Despedida

Foi um ano bastante intenso. A Trivela, como sempre faz, me recebeu de braços abertos. Aqui comecei minha carreira de jornalista de verdade, aqui descobri o que é ser uma “periodista”; aprendi de verdade o que é futebol e como se deve trabalhar com ele.
As lições aprendidas em 13 meses serão carregadas comigo, quer eu queira ou não, para o resto da vida. Aprendi na prática sobre ética, sobre como apurar uma notícia e como deixá-la o mais clara e digerível possível.
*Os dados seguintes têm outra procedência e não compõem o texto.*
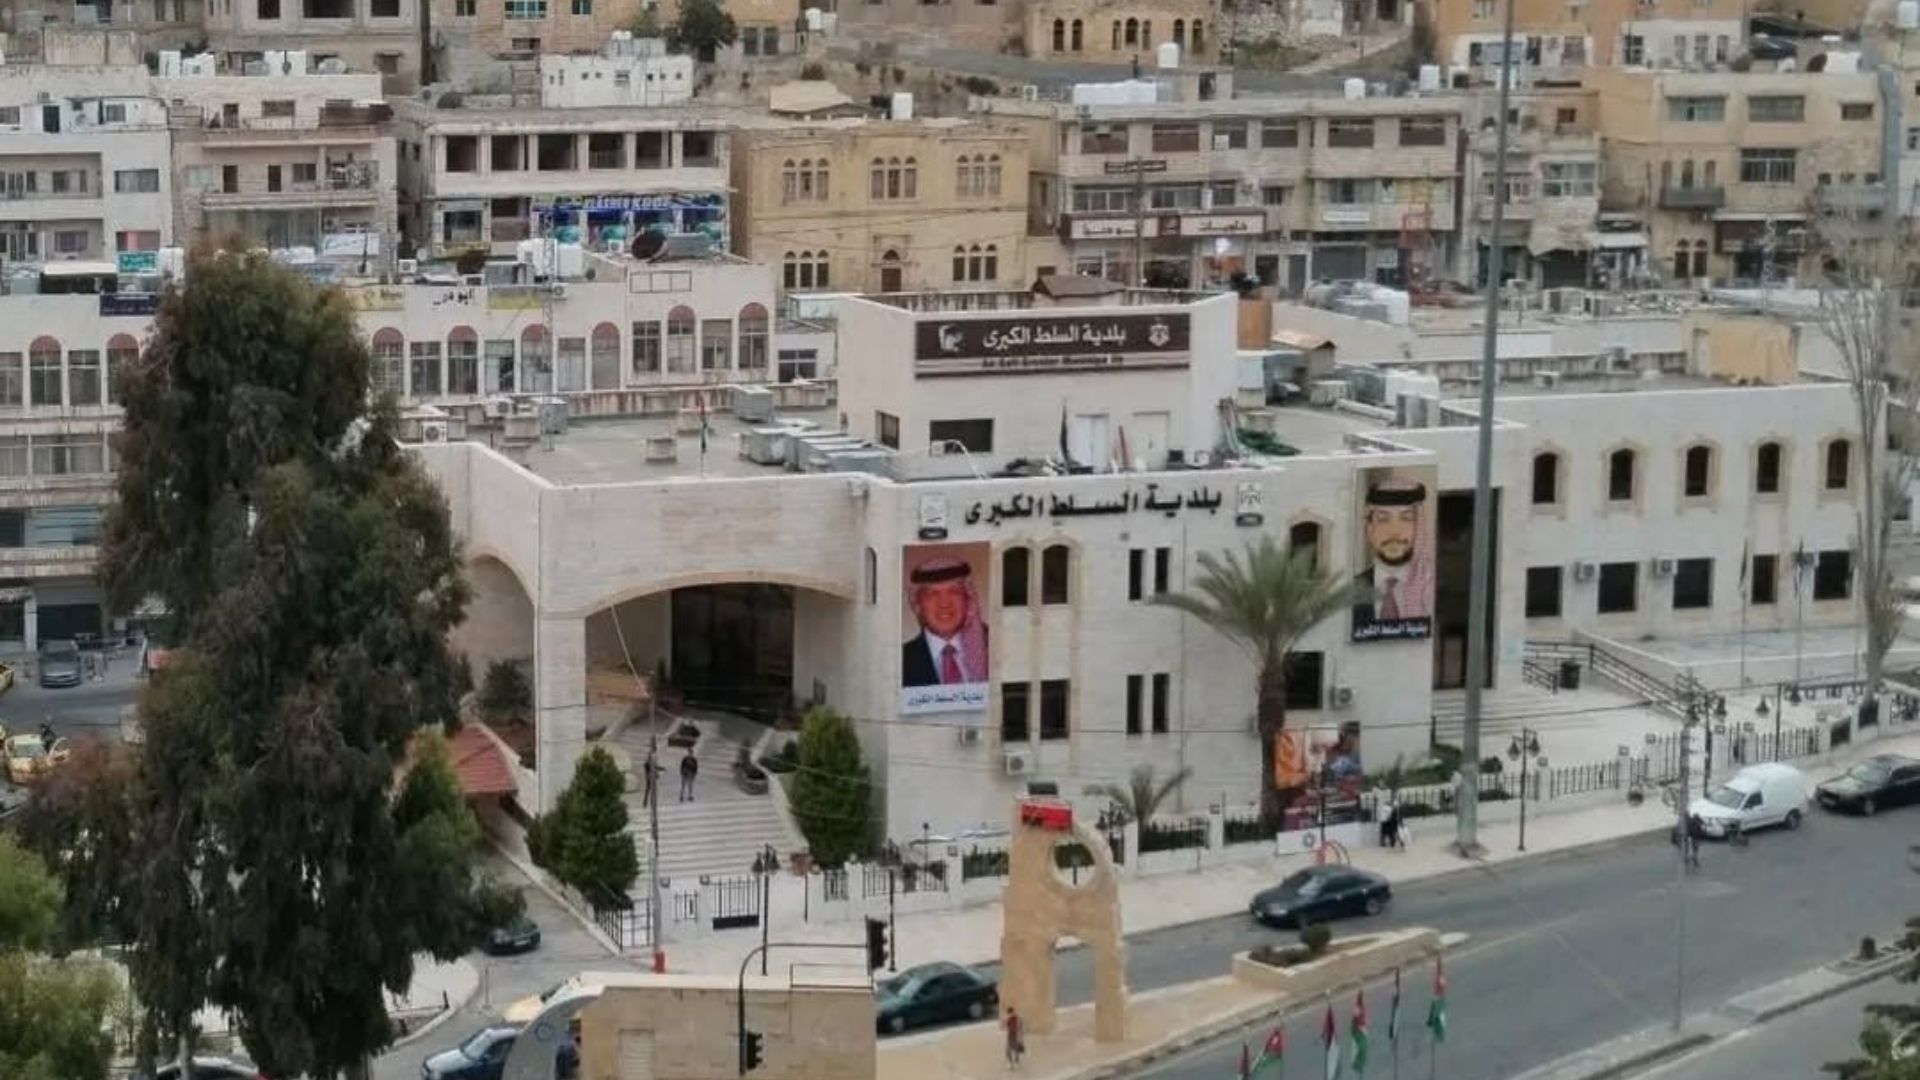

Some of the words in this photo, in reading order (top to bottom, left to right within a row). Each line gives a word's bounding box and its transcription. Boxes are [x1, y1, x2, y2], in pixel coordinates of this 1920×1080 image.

Aprendi a fazer matérias, correr atrás de entrevistas, beber da fonte e transformar isso em um apanhado de letrinhas que seriam prestigiadas (ou não) pelo seleto público trivelista.
Não é tão fácil quanto parece, mas nem tão difícil quanto podem cogitar.
Trabalhar na Trivela exige um conhecimento específico impecável. E, se não se tem, pode ter certeza que aprenderá na marra. Só tenho elogios a fazer a essa equipe que, além da competência inquestionável, está sempre pronta pra ensinar, inovar, e chamar o leitor para o mundo da bola internacional.
Deixo este recado de despedida em especial ao jornalista que esteve comigo presente do primeiro ao último dia, Leonardo Bertozzi. Se tem alguém que sabe do que está falando e ama seu trabalho, é ele. O responsável por eu ter me tornado o que sou na profissão. Em segundo, ao meu outro mentor, em especial de questões éticas e para sanar todas as minhas dúvidas gerais, Ubiratan Leal, que deixou a Trivela fisicamente, mas nunca saiu – nem creio que sairá – de seu espírito. O meu terceiro mentor é alguém que também não está mais aqui, mas que, enquanto esteve, muito me ensinou: Gustavo Hofman. Creio que os leitores tradicionais se lembram e certamente sentem falta de suas palavras neste espaço.
Sem querer esquecer ninguém, ficam também as lembranças para o polêmico e grande personagem Caio Maia, o responsável pela Trivela continuar firme e forte. E, por fim, minhas lembranças aos colegas do dia a dia e, acima de tudo amigos, Felipe dos Santos Souza (este, em especial, por me acalmar os ânimos nos momentos de sufoco, como a primeira transmissão ao vivo), Felipe Lobo, Renato Piccinin e Janaína Carrasco.
Que para vocês, leitores e pitaqueiros, minha passagem tenha trazido alguma coisa de bom. Das primeiras colunas e matérias, posts no blog, até a última narração em um ao vivo.
Minha saga continua fora daqui, mas o espírito trivelístico e o aprendizado sempre permanecerão.
* Não foram citados antes, mas não são nadica de nada menos importantes: Ricardo Espina, um dos criadores do “espírito Trivela”, e que sempre esteve, de alguma forma, presente; e Bia Gomes e Luciano, que hoje estão na Revista ESPN, mas nunca nos deixaram por completo.